Colombian Senators to U.S. Congress: Stop Funding Massacres

Two Colombian Senators are in Washington today to make a plea to U.S. authorities to stop providing funding and resources for Colombian state security forces while it slaughters citizens participating in ongoing anti-neoliberal protests.

Senators Gustavo Bolivar and Alexander López announced their arrival in Washington DC on Monday, May 17th, as part of what Senator Bolivar referred to as “a big agenda to try to stop the police abuses in Colombia,” adding that the he and Senator López were heading into a meeting with the Chair of the U.S. Congressional Human Rights Commission, James McGovern. The meeting, which Bolivar says is the first in-person appointment given to a Colombian in a year, takes place on the 20th consecutive day of mass mobilizations and hours after another night of deadly repression carried out by Ivan Duque’s ESMAD in Yumbo, Valle de Cauca.

In a video published on social media, Senator López said that U.S. citizens are funding massacres against Colombian people, while Duque’s Ambassador has guilty of a coverup:

“What’s happening in our country must be known by the world but especially the government and Congress of the United States which supports with important (funding) resources for the military forces. We came here to the Congressional Human Rights Commission to make an appeal that those resources be frozen and not sent to Colombia. It can’t be that with resources of the people of the United States that they are massacring the Colombian people. Meanwhile, the Ambassador here in Washington who has been mentioned as participating and being linked to paramilitary groups wants to hide the truth. The world needs to know how they’re slaughtering our youth who demand education, who demand work and who demand rights. Stop the slaughter in Colombia!”

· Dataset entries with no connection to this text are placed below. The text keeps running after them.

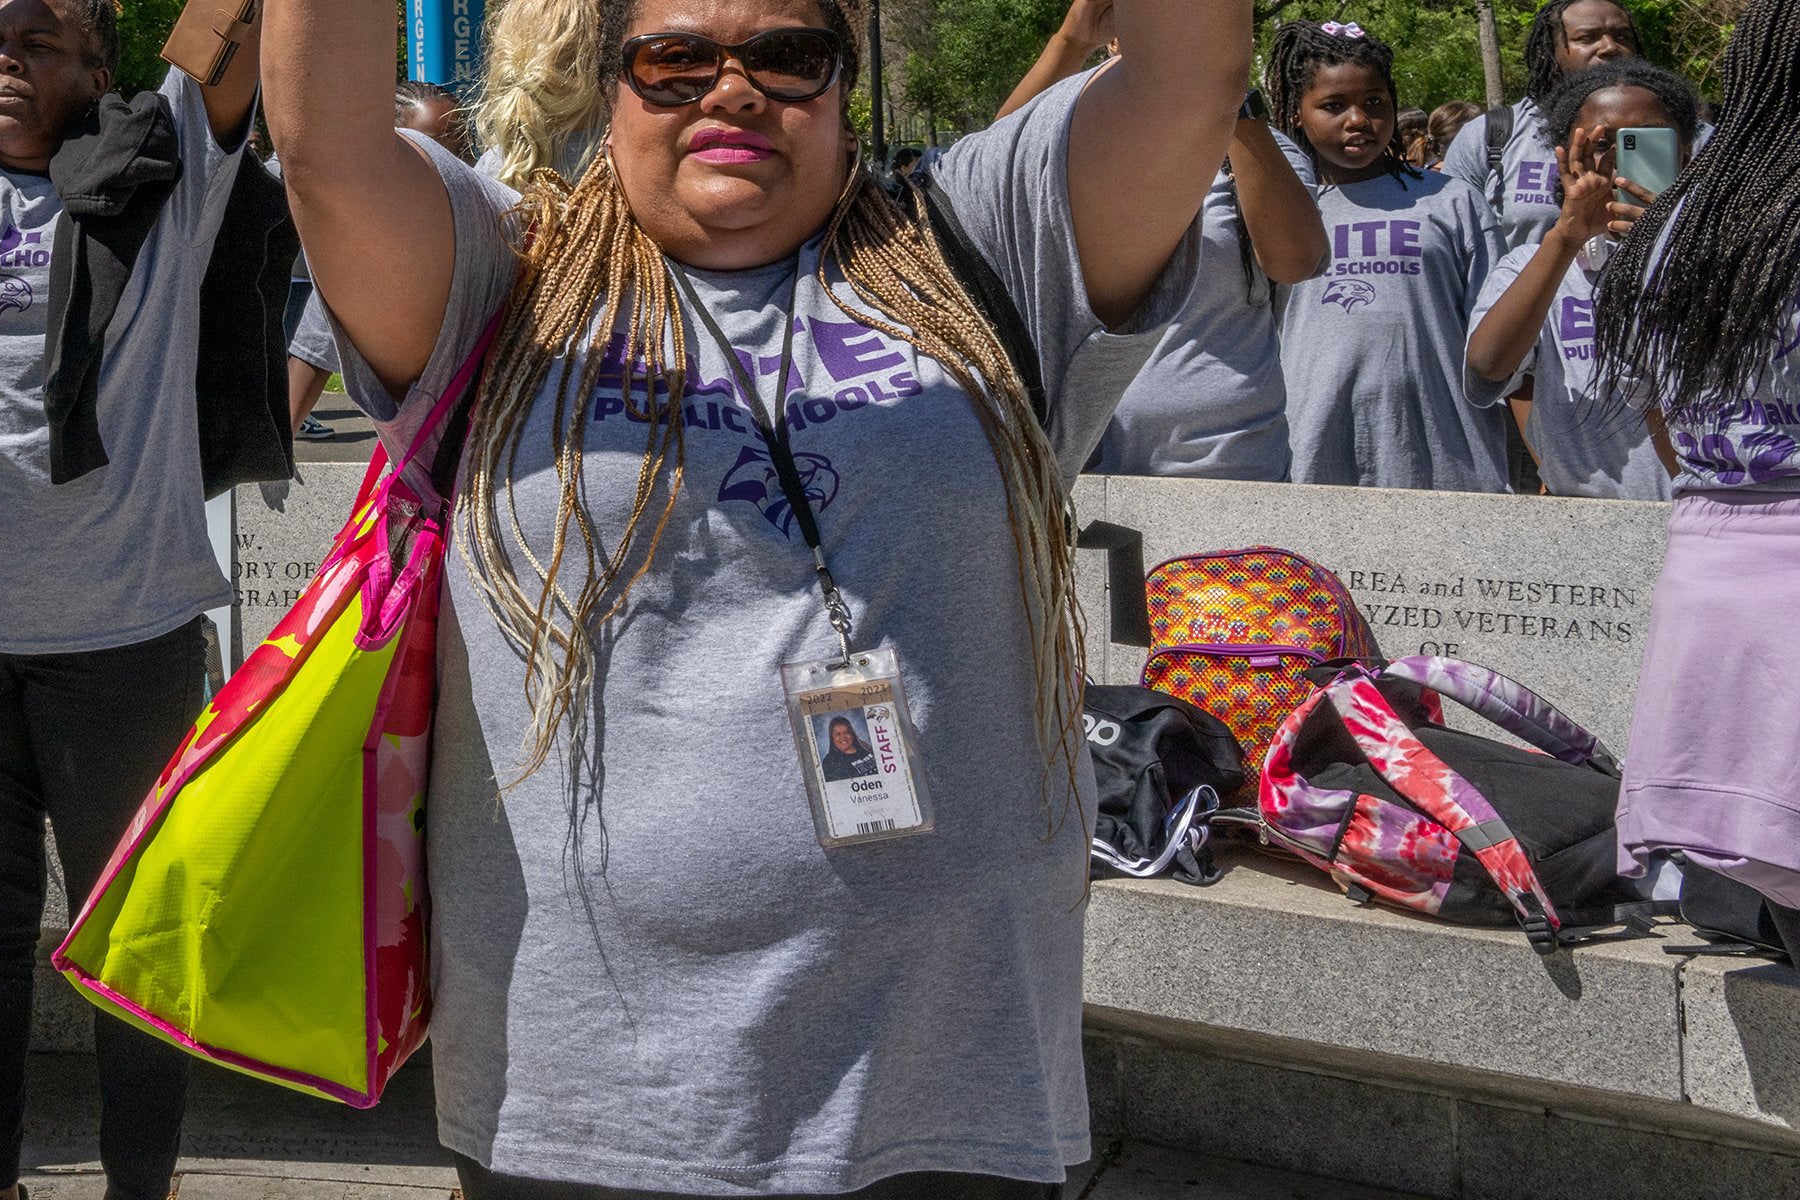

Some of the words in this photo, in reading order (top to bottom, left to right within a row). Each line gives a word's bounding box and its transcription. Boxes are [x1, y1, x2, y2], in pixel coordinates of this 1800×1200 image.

[1514, 193, 1556, 205] PUBL
[1334, 220, 1422, 259] ITE
[1336, 261, 1421, 275] SCHOOLS
[231, 562, 277, 579] ORY
[285, 562, 316, 579] OF
[1332, 570, 1409, 593] REA
[1419, 577, 1464, 598] and
[1476, 578, 1636, 608] WESTERN
[1364, 604, 1442, 629] YZED
[1455, 610, 1633, 643] VETERANS
[860, 684, 886, 696] 2023
[874, 726, 897, 774] STAFF
[851, 780, 883, 792] Oden
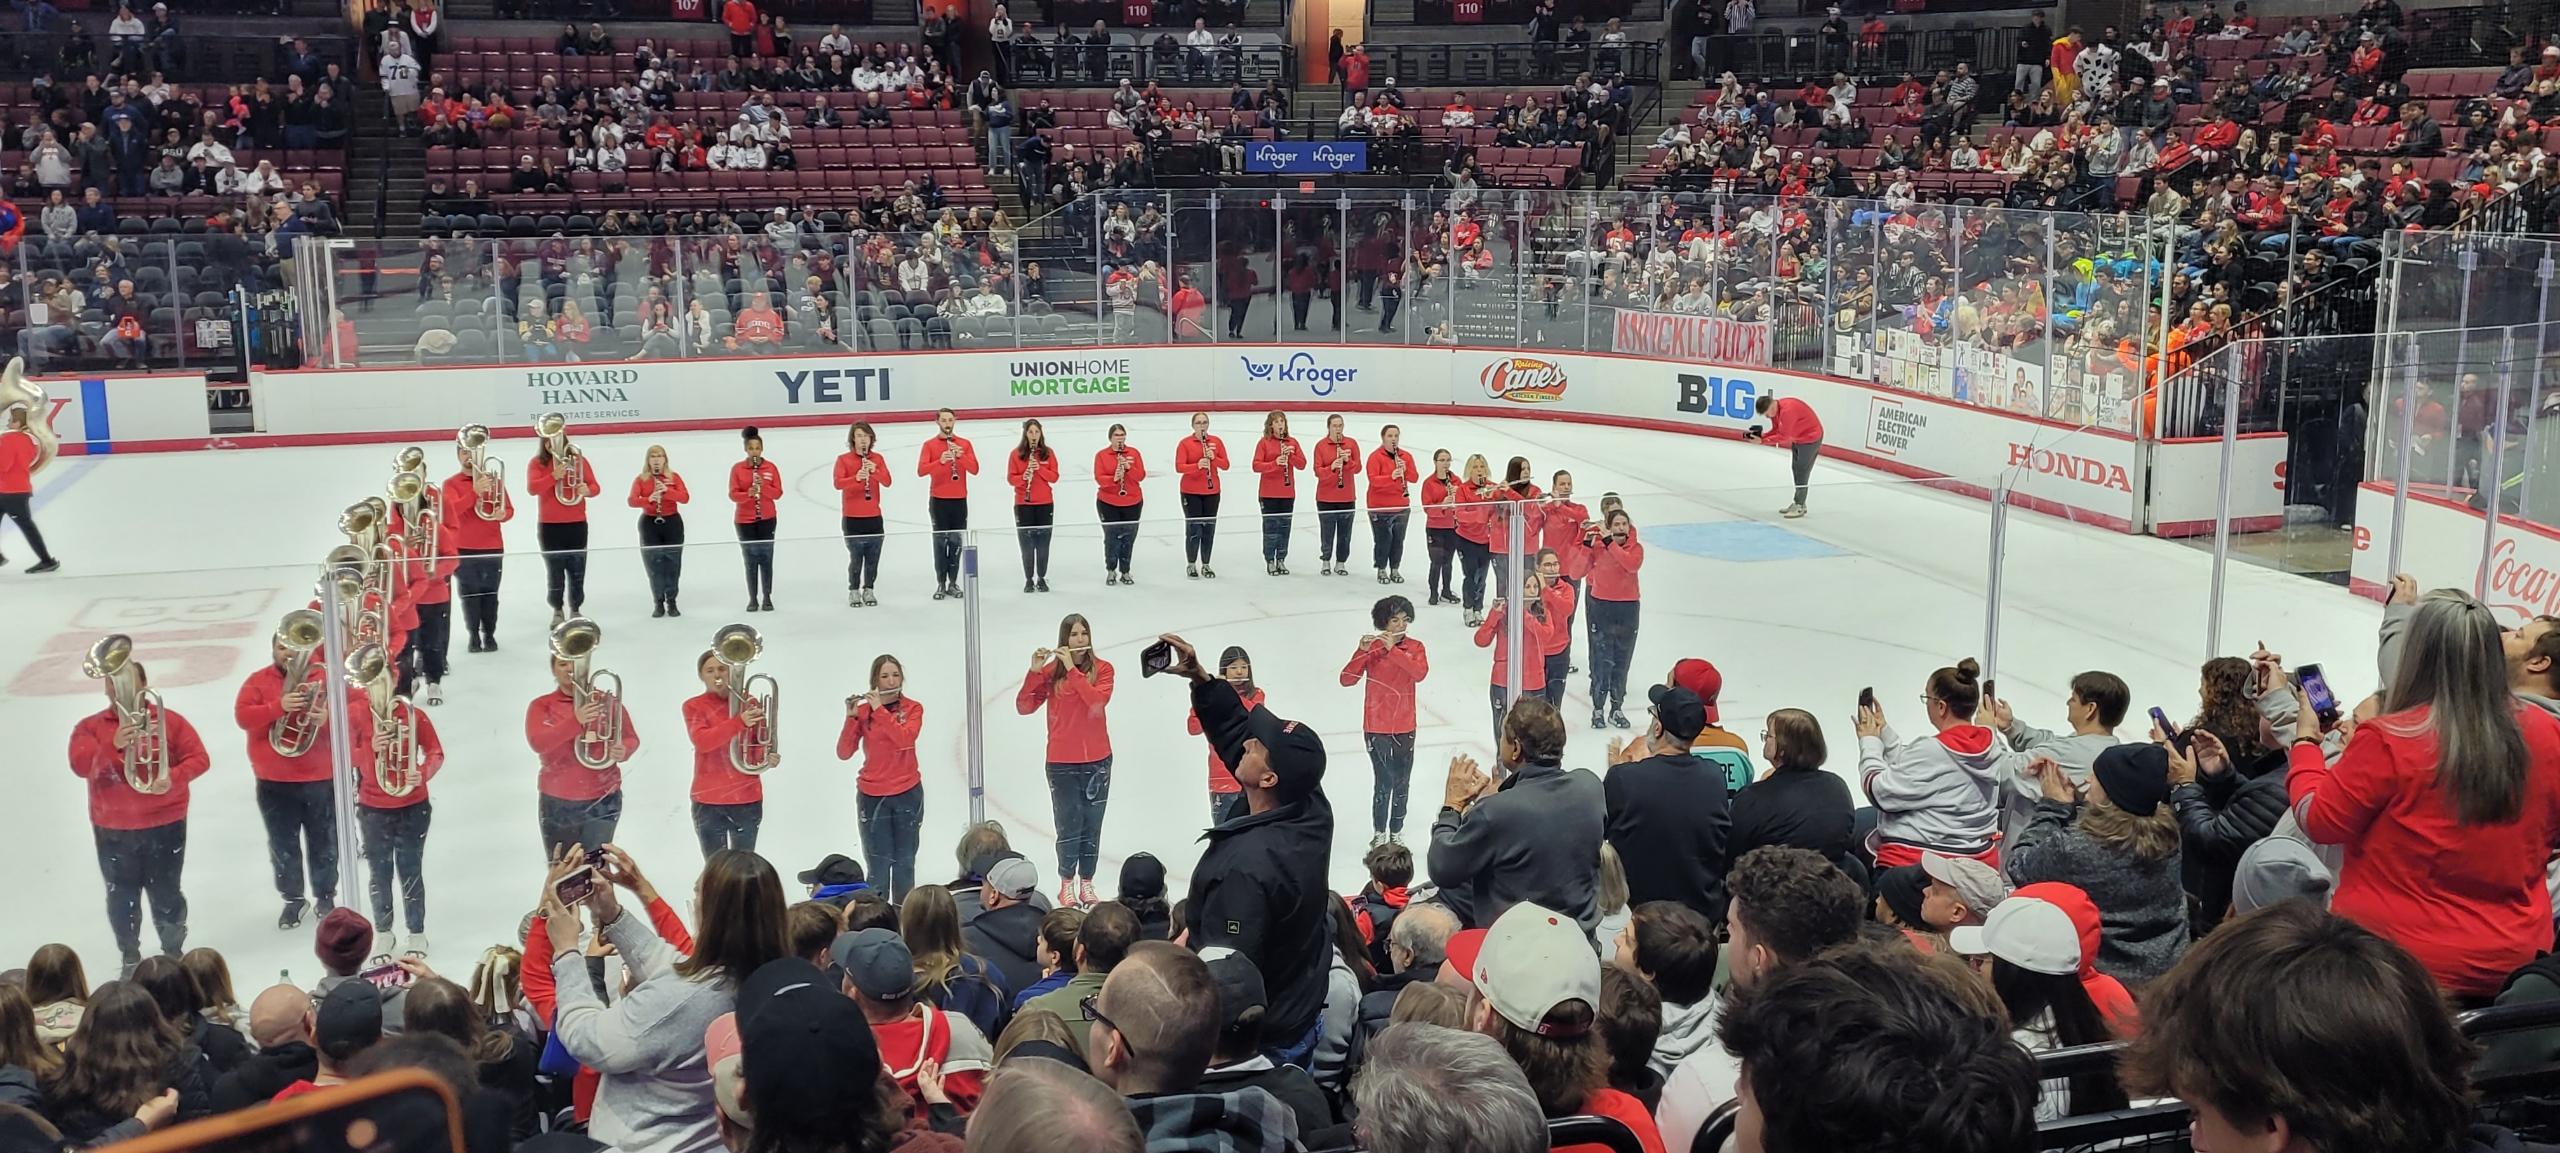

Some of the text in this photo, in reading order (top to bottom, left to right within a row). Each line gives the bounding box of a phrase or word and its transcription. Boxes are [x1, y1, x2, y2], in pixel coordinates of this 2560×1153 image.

[675, 0, 699, 10] 107
[1127, 5, 1148, 16] 110
[1458, 2, 1478, 14] 110
[1255, 144, 1356, 169] Kroger Kroger
[1514, 359, 1544, 369] Raising
[527, 369, 639, 387] HOWARD
[1279, 352, 1358, 396] Kroger
[1484, 357, 1567, 399] Cane's
[775, 368, 890, 404] YETI
[1010, 376, 1130, 396] MORTGAGE
[542, 388, 629, 405] HANNA
[564, 411, 592, 420] STATE
[593, 409, 641, 418] SERVICES
[1879, 406, 1927, 428] AMERICAN
[1877, 419, 1916, 439] ELECTRIC
[1875, 431, 1908, 450] POWER
[2007, 442, 2132, 493] HONDA
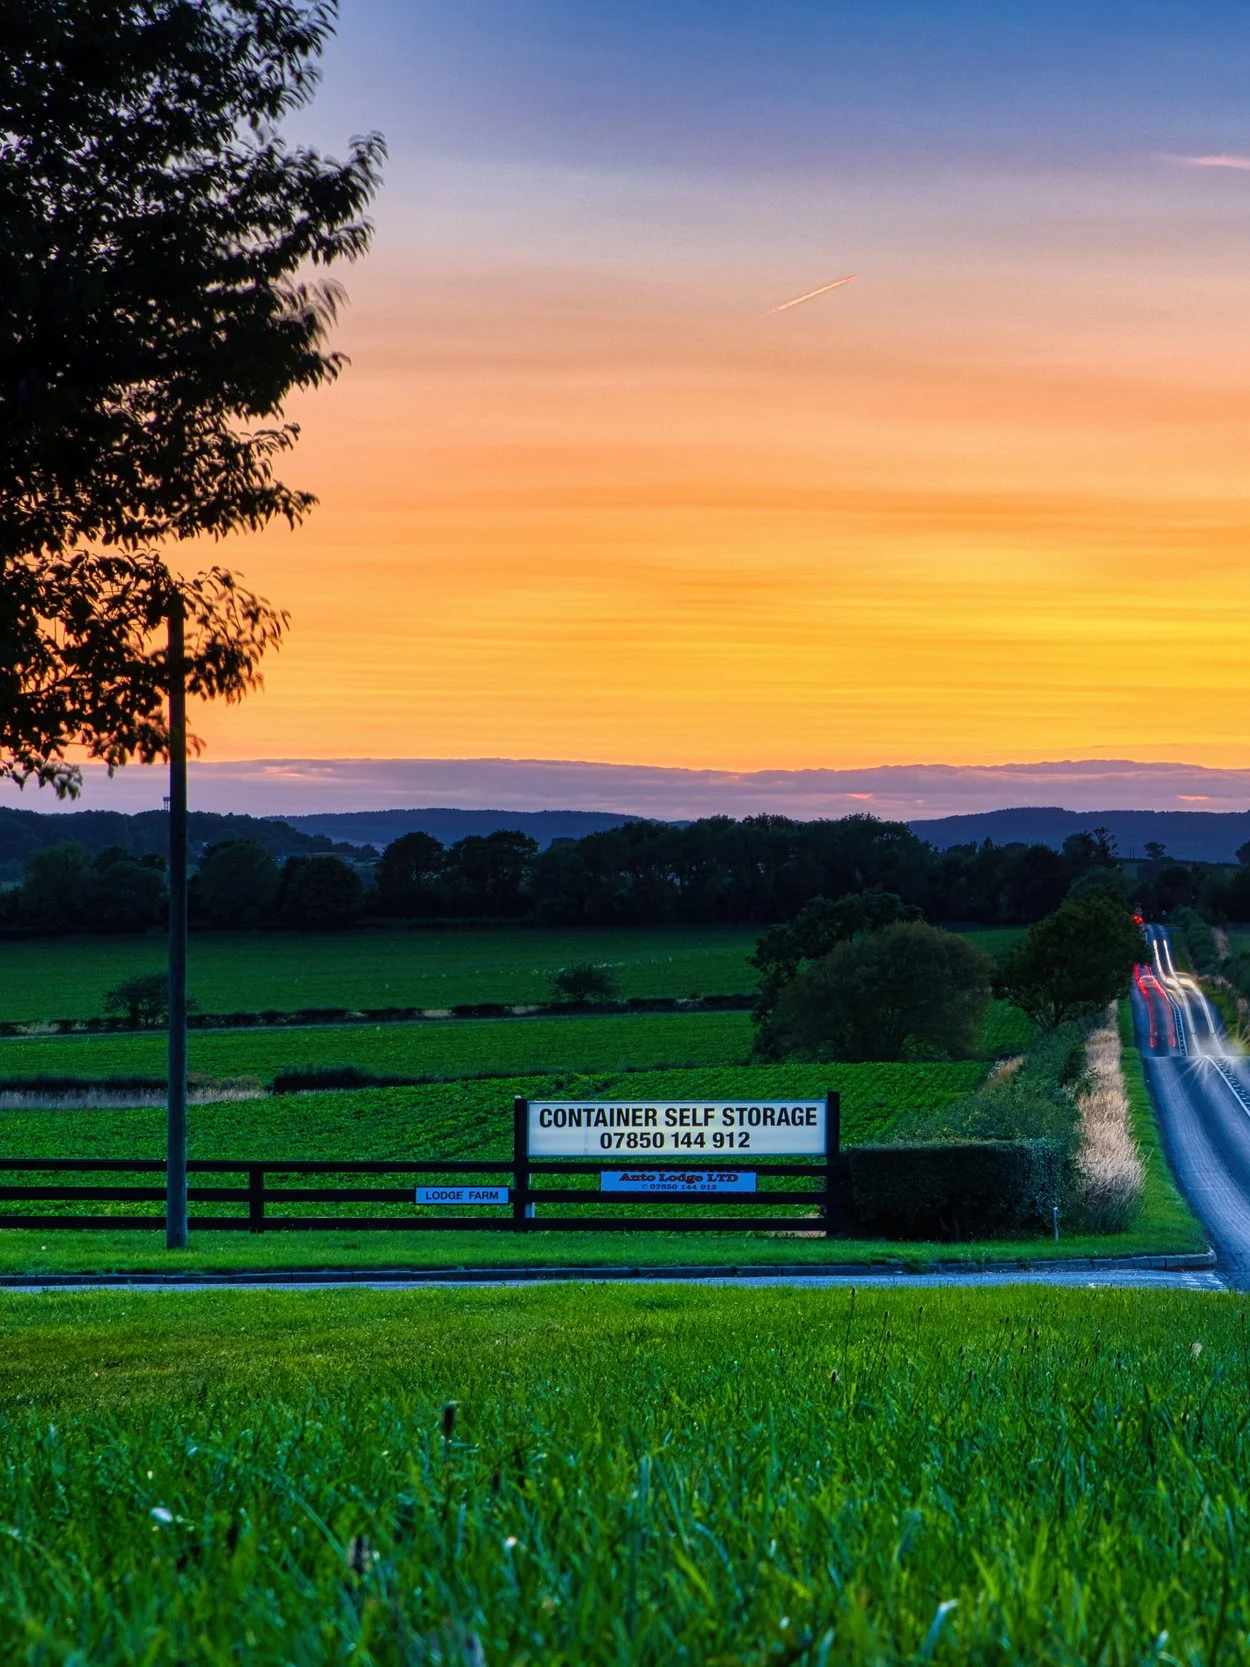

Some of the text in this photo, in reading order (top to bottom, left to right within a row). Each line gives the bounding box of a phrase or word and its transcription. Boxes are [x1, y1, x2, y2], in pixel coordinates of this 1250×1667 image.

[539, 1106, 817, 1128] CONTAINER SELF STORAGE
[600, 1131, 750, 1149] 07850 144 912
[619, 1173, 739, 1184] Auto Lodge LTD
[425, 1191, 499, 1200] LODGE FARM

Reports from Yumbo emerged on social media around 12:30am stating that ESMAD had once again unleashed on demonstrators, with several livestreams showing scenes of violent repression. By the time the shooting began, many of the protests around the country had cooled down for the night and much of the country had gone to bed. The situation resulted in at least two dozen wounded or hospitalized and at least one confirmed killed (reported as of noon Monday), while several families had to leave their homes gasping for air after police launched tear gas into several homes.

Colombian Senator Ivan Cepeda and NGOs, including Temblores, presented a report to the United Nations and the International Criminal Court compiling acts of violence committed by Colombian security forces during the demonstrations. Among the countless violent crimes committed by the Duque regime is a growing list of killings and extremely serious cases of rape and sexual violence of women by Colombian police.